> _Your task_: Give back the whole listing word for word and skip each picture.

Segment Start: Given records

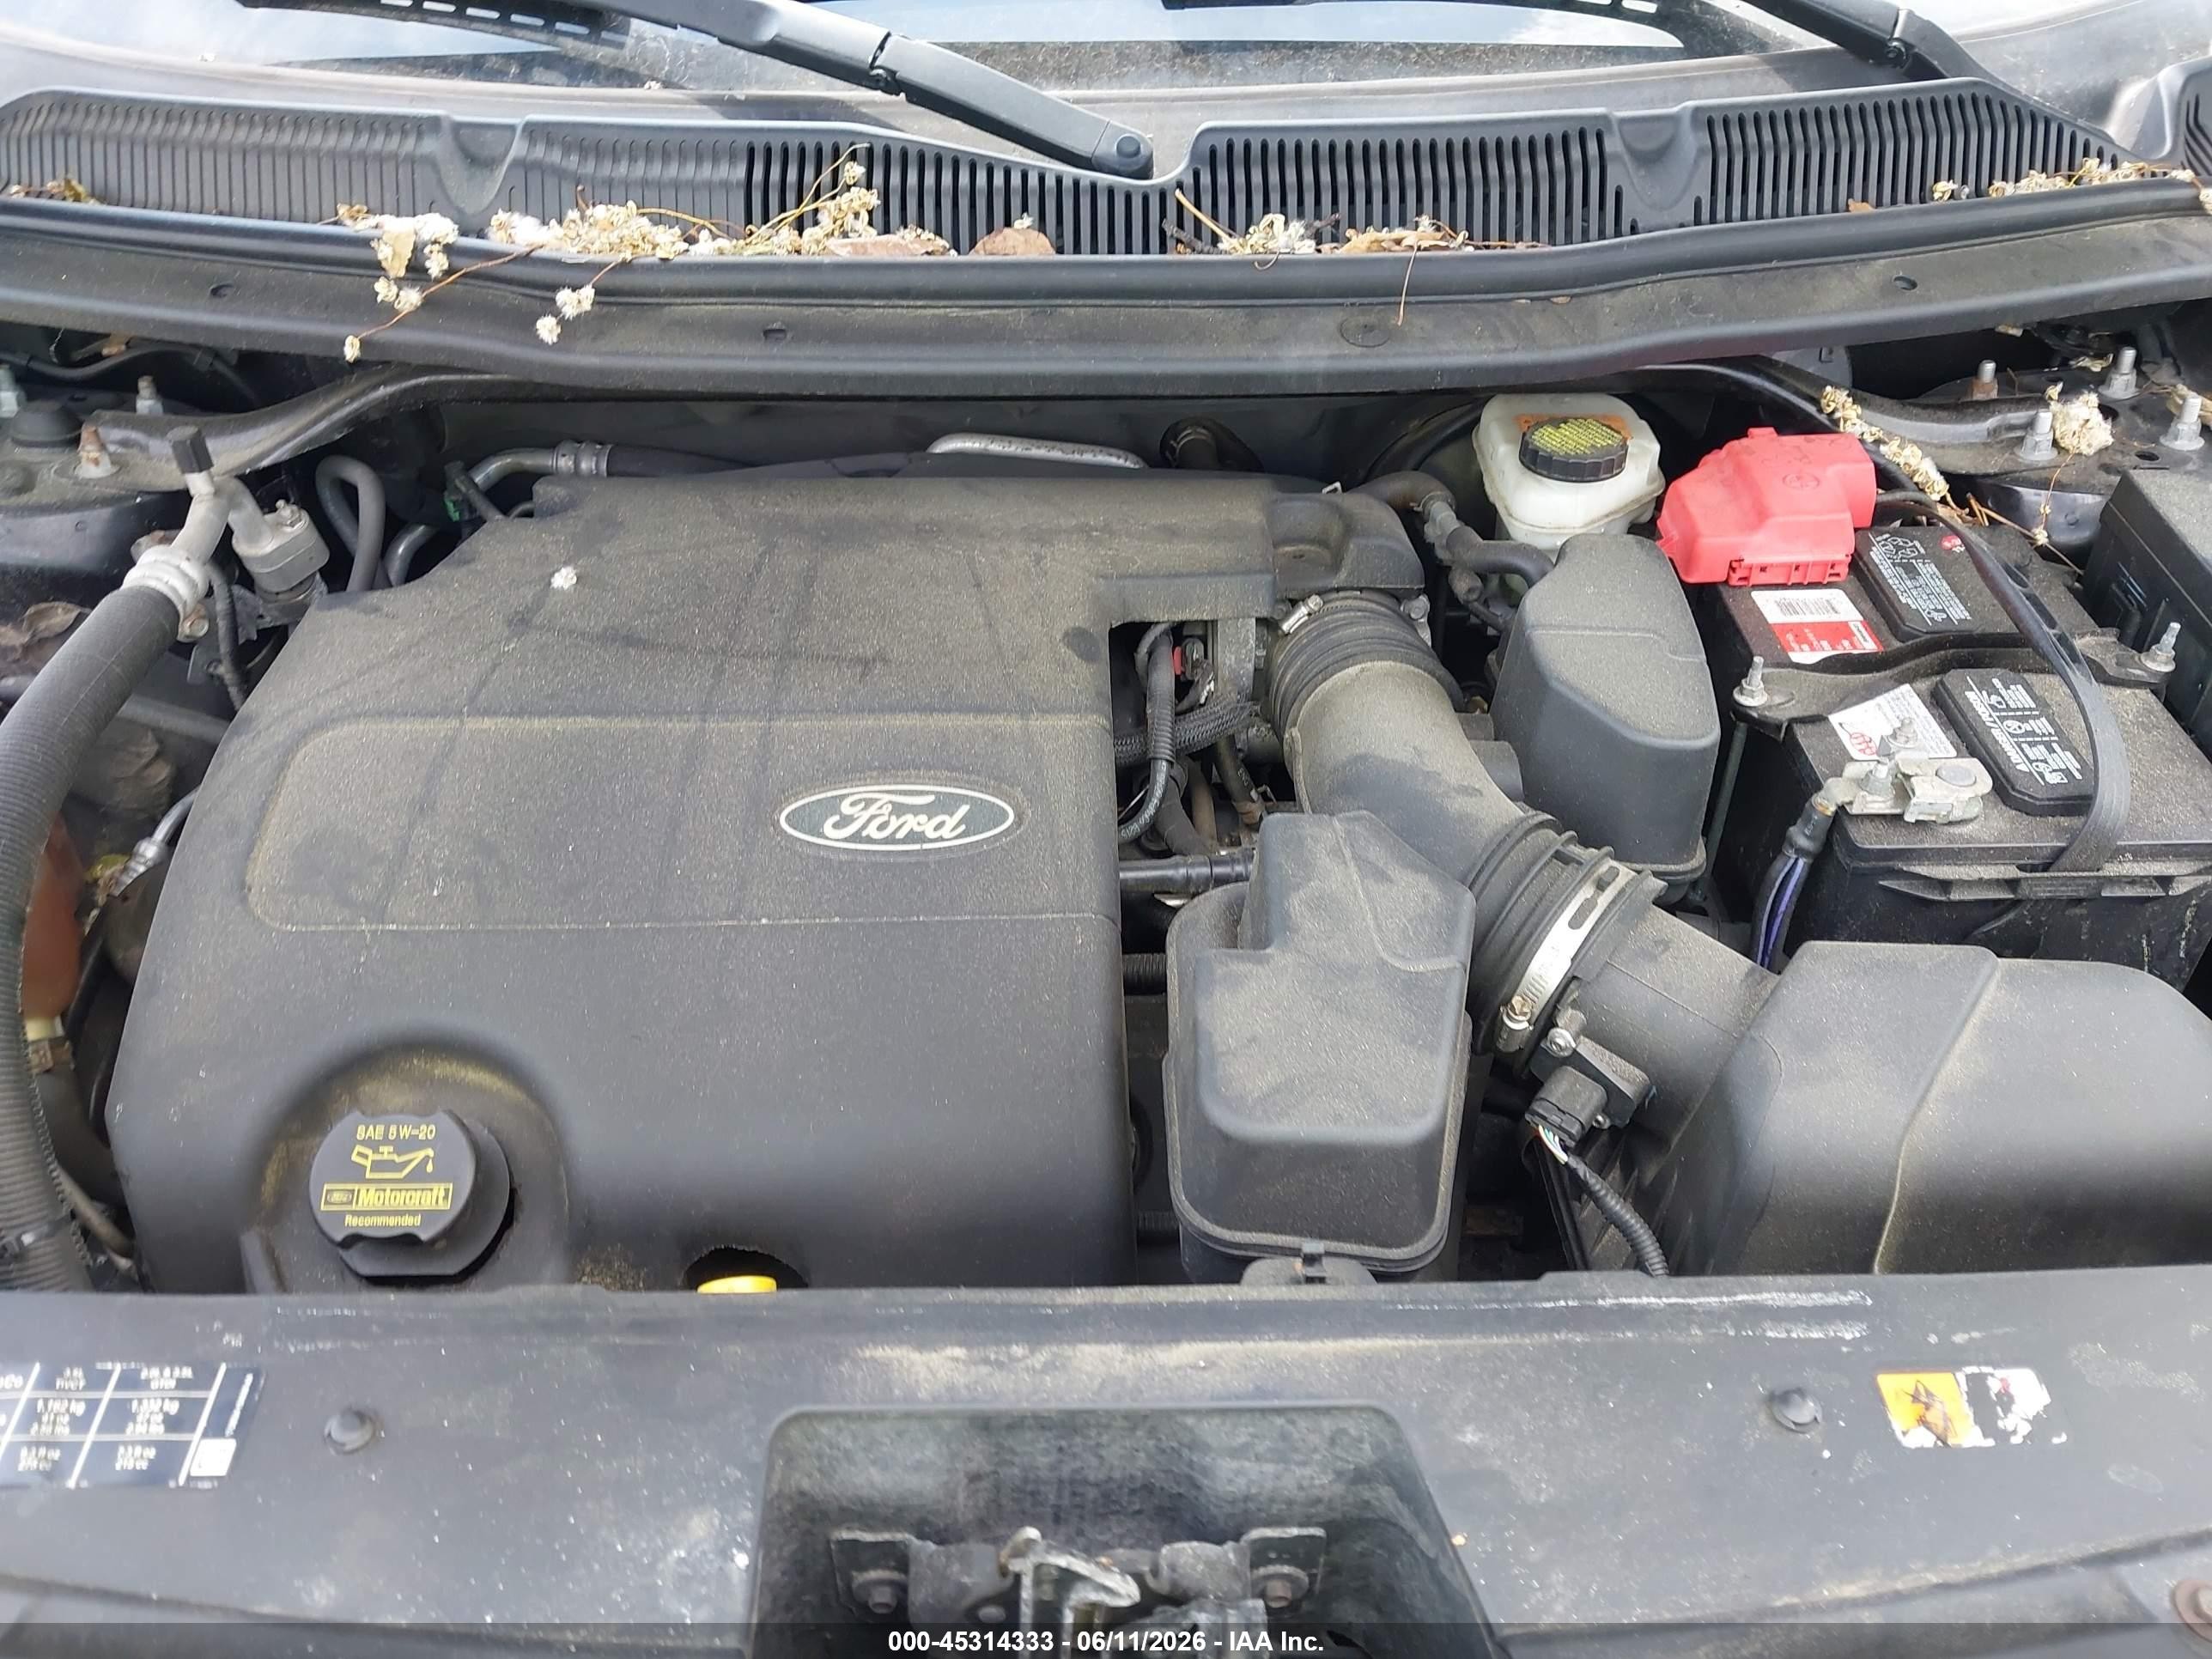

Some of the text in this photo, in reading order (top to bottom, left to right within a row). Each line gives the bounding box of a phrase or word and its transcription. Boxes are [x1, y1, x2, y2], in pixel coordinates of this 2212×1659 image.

[823, 792, 970, 840] Ford
[356, 1124, 385, 1140] SAE
[358, 1187, 446, 1206] Motorcraft
[344, 1213, 422, 1227] Recommended
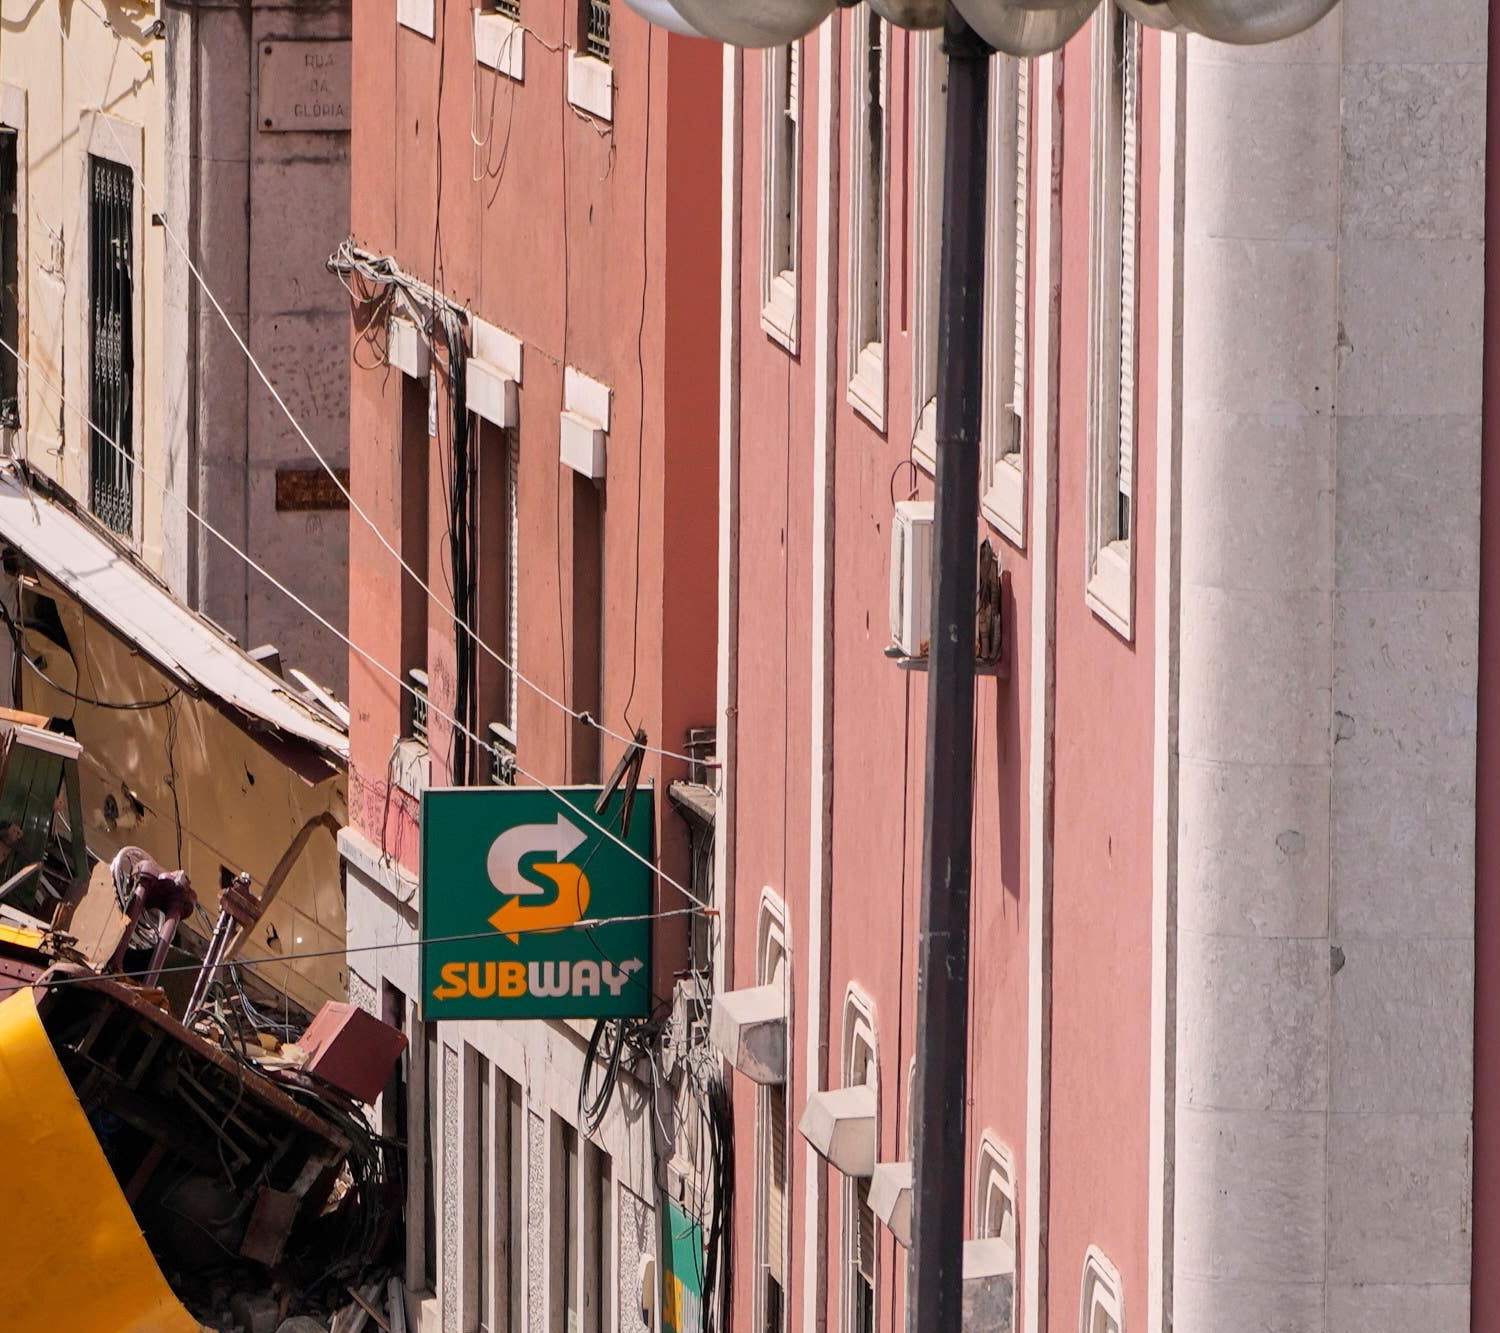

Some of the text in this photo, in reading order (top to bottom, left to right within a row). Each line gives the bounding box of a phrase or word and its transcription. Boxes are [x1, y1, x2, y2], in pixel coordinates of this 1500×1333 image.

[305, 53, 334, 68] RUA
[310, 79, 328, 92] DA
[294, 99, 344, 117] GLÓRIA
[432, 957, 645, 1002] SUBWAY

Segment End: Given records

> _Problem solution_:
Some of the text in this photo, in reading order (top to bottom, left to right within a row). Each line gives the bounding box of a phrase or word and its transcription. Boxes are [x1, y1, x2, y2], in pixel coordinates of this 2212×1659 image.

[823, 792, 970, 840] Ford
[356, 1124, 385, 1140] SAE
[358, 1187, 446, 1206] Motorcraft
[344, 1213, 422, 1227] Recommended

Some of the text in this photo, in reading order (top to bottom, left to right within a row). Each line gives the bounding box of a phrase or word and its transcription. Boxes are [x1, y1, x2, y2], in pixel coordinates of this 1500×1333 image.

[305, 53, 334, 68] RUA
[310, 79, 328, 92] DA
[294, 99, 344, 117] GLÓRIA
[432, 957, 645, 1002] SUBWAY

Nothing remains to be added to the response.